The Defendants Beyond the Driver
The driver behind the wheel is one defendant. The universe of potentially liable parties extends far beyond:
- The motor carrier employer: Vicarious liability under respondeat superior applies when the driver was acting within the course and scope of employment. Direct negligence claims for negligent hiring, training, supervision, and retention apply regardless of course and scope.
- The freight broker: Under cases like Miller v. C.H. Robinson, brokers can be liable for negligent selection of unsafe carriers. If the broker dispatched the load to a carrier with a documented safety record, the broker shares liability.

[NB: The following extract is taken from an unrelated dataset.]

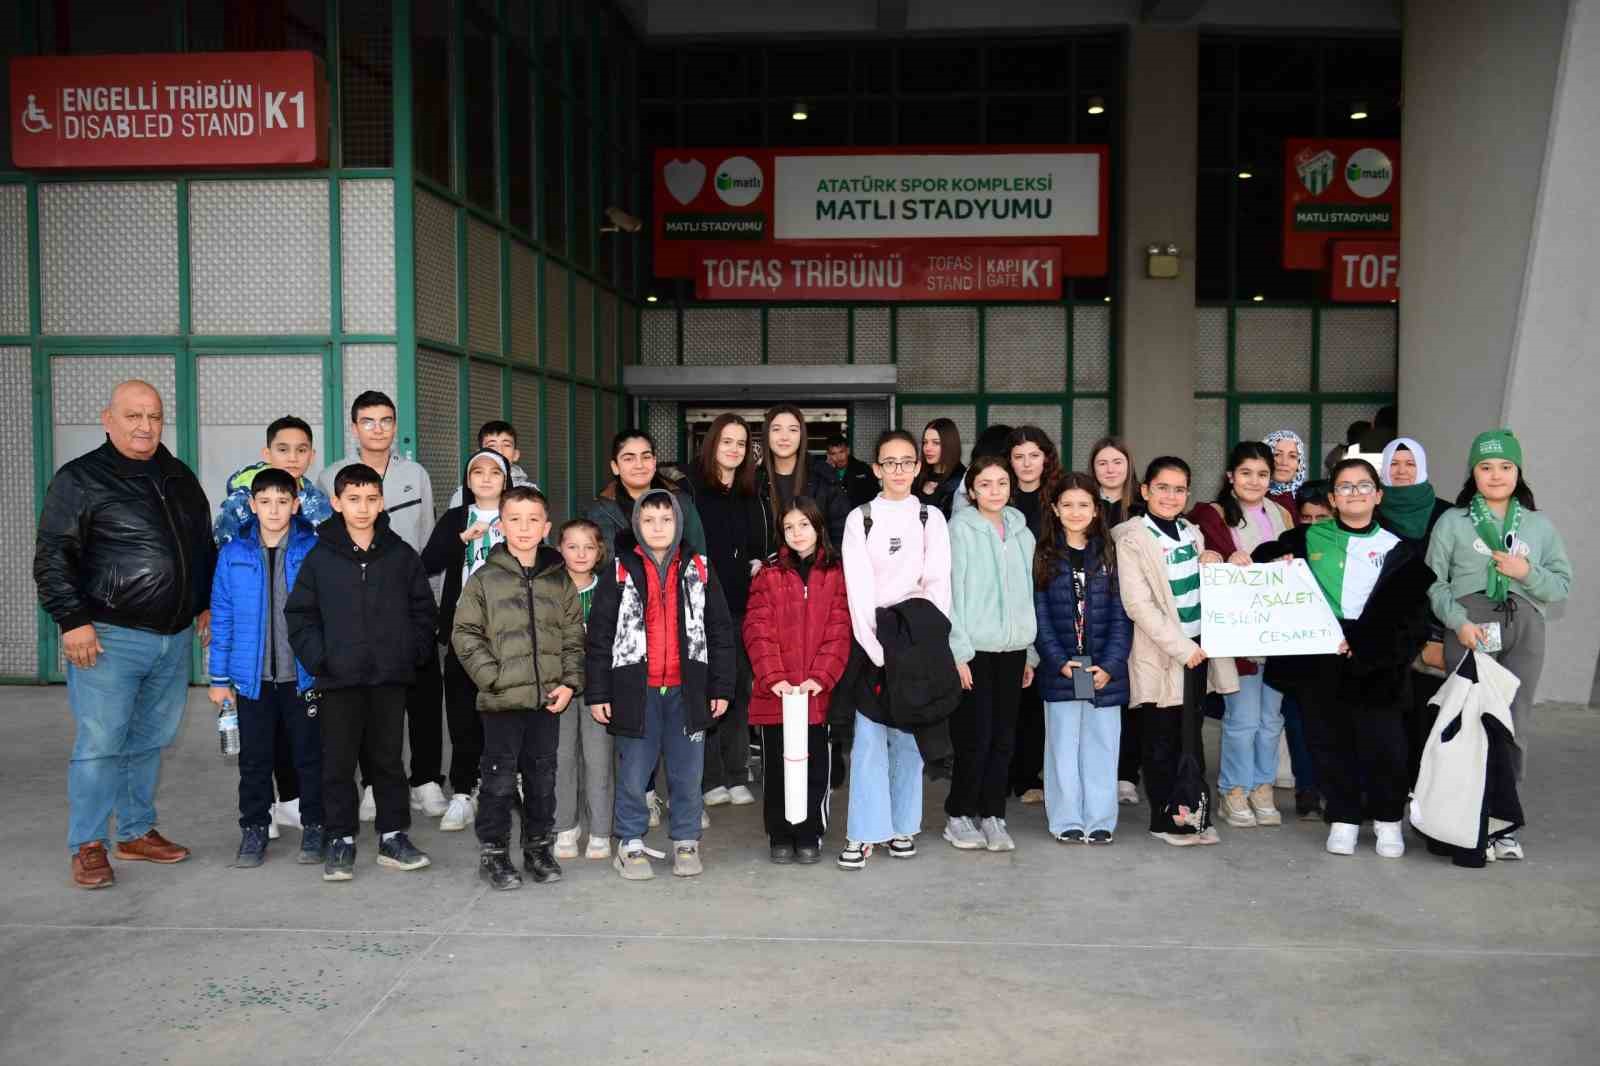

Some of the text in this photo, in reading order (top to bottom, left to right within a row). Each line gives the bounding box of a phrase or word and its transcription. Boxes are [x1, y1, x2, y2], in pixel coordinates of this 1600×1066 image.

- The shipper: If the shipper directed unsafe loading, scheduling, or routing, it shares liability. The shipper’s bill of lading and dispatch instructions are key evidence.
- The maintenance contractor: If a third-party mechanic signed off on the truck’s pre-trip inspection but failed to identify a critical defect, the mechanic is independently liable.
- The parts manufacturer: If a defective tire, brake system, or steering component contributed to the crash, the manufacturer is strictly liable under product liability law.
- The road designer or Texas Department of Transportation: If a deficient roadway feature—missing guardrails, inadequate signage, or a poorly designed intersection—contributed to the crash, the government entity is liable under the Texas Tort Claims Act. Pre-suit notice under § 101.101 must be filed within six months.
- The municipality: If a traffic signal malfunctioned or a sign was missing, the municipality may share liability.
- The insurer: Under direct-action principles, the carrier’s primary and excess insurers can be named as defendants where the policy permits.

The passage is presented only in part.